TO DO ▸
The reply should contain each record below, returned exactly as given.

Dataset entries:
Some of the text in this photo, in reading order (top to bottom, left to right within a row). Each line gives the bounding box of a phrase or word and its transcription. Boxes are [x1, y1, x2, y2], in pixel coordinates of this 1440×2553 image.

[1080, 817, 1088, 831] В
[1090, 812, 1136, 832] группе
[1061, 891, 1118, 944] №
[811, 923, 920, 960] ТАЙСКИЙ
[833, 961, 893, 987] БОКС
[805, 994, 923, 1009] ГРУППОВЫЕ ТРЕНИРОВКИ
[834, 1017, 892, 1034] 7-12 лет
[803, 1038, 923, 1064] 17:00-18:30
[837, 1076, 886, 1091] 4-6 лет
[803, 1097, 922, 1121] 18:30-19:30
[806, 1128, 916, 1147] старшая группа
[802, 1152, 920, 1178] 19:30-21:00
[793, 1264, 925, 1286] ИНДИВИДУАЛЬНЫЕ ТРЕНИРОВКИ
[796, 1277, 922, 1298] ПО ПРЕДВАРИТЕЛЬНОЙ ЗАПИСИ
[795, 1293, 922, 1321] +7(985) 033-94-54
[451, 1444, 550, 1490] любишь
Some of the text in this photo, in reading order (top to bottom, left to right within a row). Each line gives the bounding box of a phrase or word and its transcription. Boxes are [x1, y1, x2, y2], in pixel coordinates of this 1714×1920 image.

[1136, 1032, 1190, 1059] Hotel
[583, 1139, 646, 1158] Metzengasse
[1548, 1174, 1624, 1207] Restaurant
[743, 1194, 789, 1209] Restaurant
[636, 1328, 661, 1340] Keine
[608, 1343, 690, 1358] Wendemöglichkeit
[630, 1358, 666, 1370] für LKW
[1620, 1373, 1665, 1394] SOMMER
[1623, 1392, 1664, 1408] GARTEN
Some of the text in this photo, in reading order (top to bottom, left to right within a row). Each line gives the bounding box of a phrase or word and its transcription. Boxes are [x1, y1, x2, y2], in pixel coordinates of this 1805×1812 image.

ANSWER TO THIS EXERCISE ▸
Some of the text in this photo, in reading order (top to bottom, left to right within a row). Each line gives the bounding box of a phrase or word and its transcription. Boxes are [x1, y1, x2, y2], in pixel coordinates of this 1440×2553 image.

[1080, 817, 1088, 831] В
[1090, 812, 1136, 832] группе
[1061, 891, 1118, 944] №
[811, 923, 920, 960] ТАЙСКИЙ
[833, 961, 893, 987] БОКС
[805, 994, 923, 1009] ГРУППОВЫЕ ТРЕНИРОВКИ
[834, 1017, 892, 1034] 7-12 лет
[803, 1038, 923, 1064] 17:00-18:30
[837, 1076, 886, 1091] 4-6 лет
[803, 1097, 922, 1121] 18:30-19:30
[806, 1128, 916, 1147] старшая группа
[802, 1152, 920, 1178] 19:30-21:00
[793, 1264, 925, 1286] ИНДИВИДУАЛЬНЫЕ ТРЕНИРОВКИ
[796, 1277, 922, 1298] ПО ПРЕДВАРИТЕЛЬНОЙ ЗАПИСИ
[795, 1293, 922, 1321] +7(985) 033-94-54
[451, 1444, 550, 1490] любишь
Some of the text in this photo, in reading order (top to bottom, left to right within a row). Each line gives the bounding box of a phrase or word and its transcription. Boxes are [x1, y1, x2, y2], in pixel coordinates of this 1714×1920 image.

[1136, 1032, 1190, 1059] Hotel
[583, 1139, 646, 1158] Metzengasse
[1548, 1174, 1624, 1207] Restaurant
[743, 1194, 789, 1209] Restaurant
[636, 1328, 661, 1340] Keine
[608, 1343, 690, 1358] Wendemöglichkeit
[630, 1358, 666, 1370] für LKW
[1620, 1373, 1665, 1394] SOMMER
[1623, 1392, 1664, 1408] GARTEN
Some of the text in this photo, in reading order (top to bottom, left to right within a row). Each line gives the bounding box of a phrase or word and its transcription. Boxes are [x1, y1, x2, y2], in pixel coordinates of this 1805×1812 image.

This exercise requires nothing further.